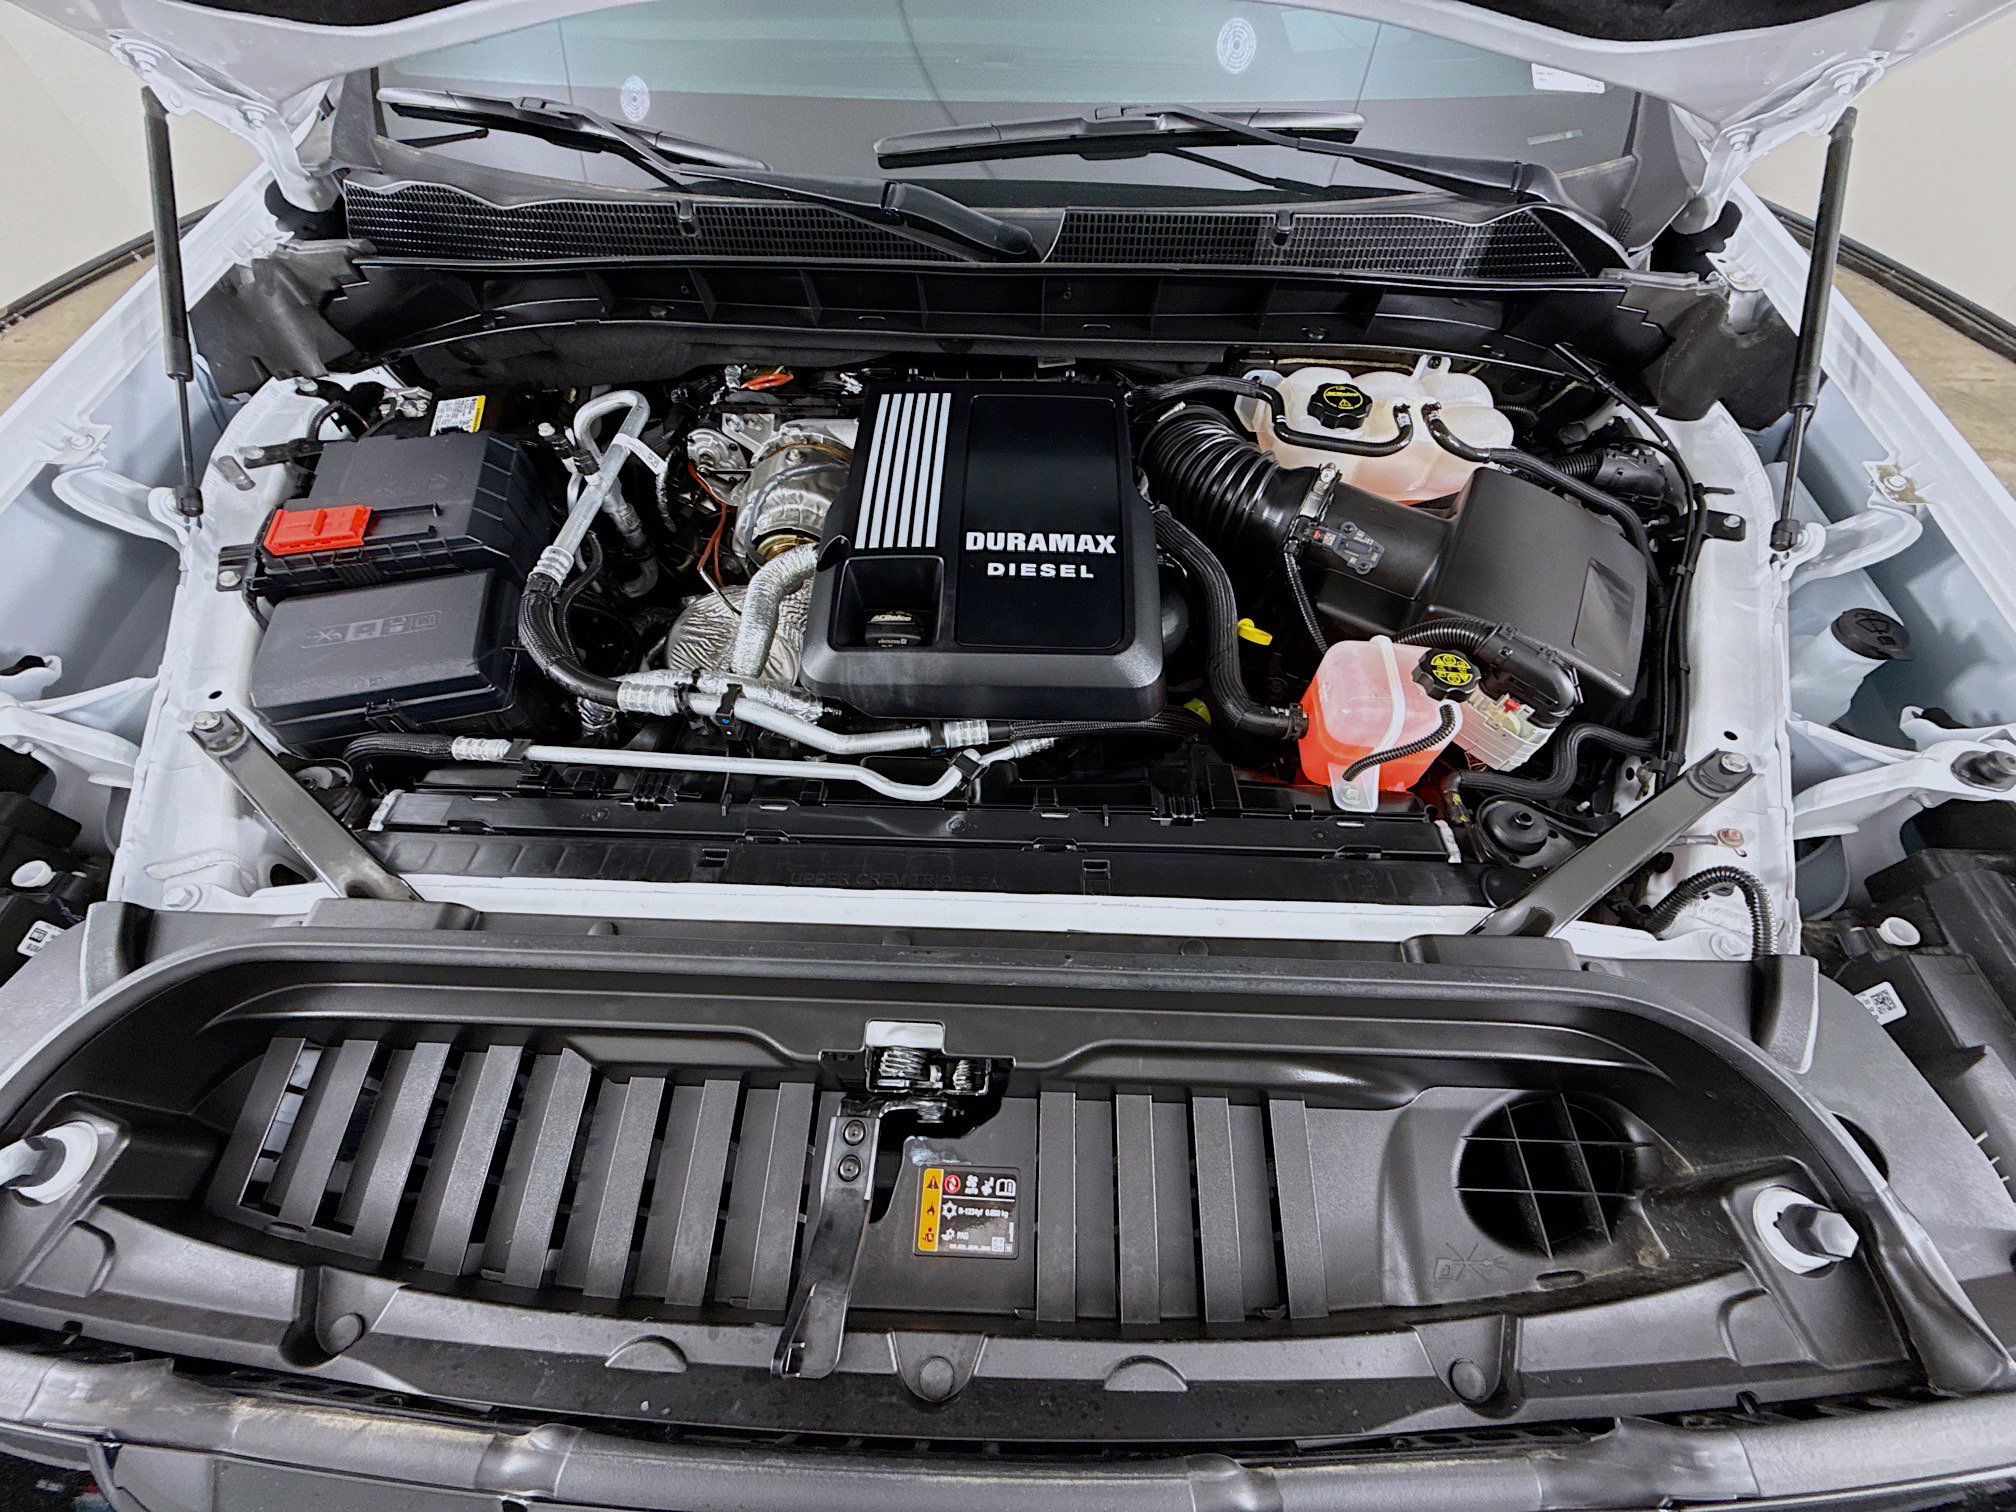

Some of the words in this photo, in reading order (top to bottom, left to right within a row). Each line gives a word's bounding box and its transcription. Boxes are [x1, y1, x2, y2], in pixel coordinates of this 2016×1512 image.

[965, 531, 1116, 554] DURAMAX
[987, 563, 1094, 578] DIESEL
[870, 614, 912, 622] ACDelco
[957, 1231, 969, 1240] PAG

· · · · · · ·

All of the data above should be quoted exactly, except for the pictures.

## The completed task:
Some of the words in this photo, in reading order (top to bottom, left to right within a row). Each line gives a word's bounding box and its transcription. Boxes are [x1, y1, x2, y2], in pixel coordinates of this 2016×1512 image.

[965, 531, 1116, 554] DURAMAX
[987, 563, 1094, 578] DIESEL
[870, 614, 912, 622] ACDelco
[957, 1231, 969, 1240] PAG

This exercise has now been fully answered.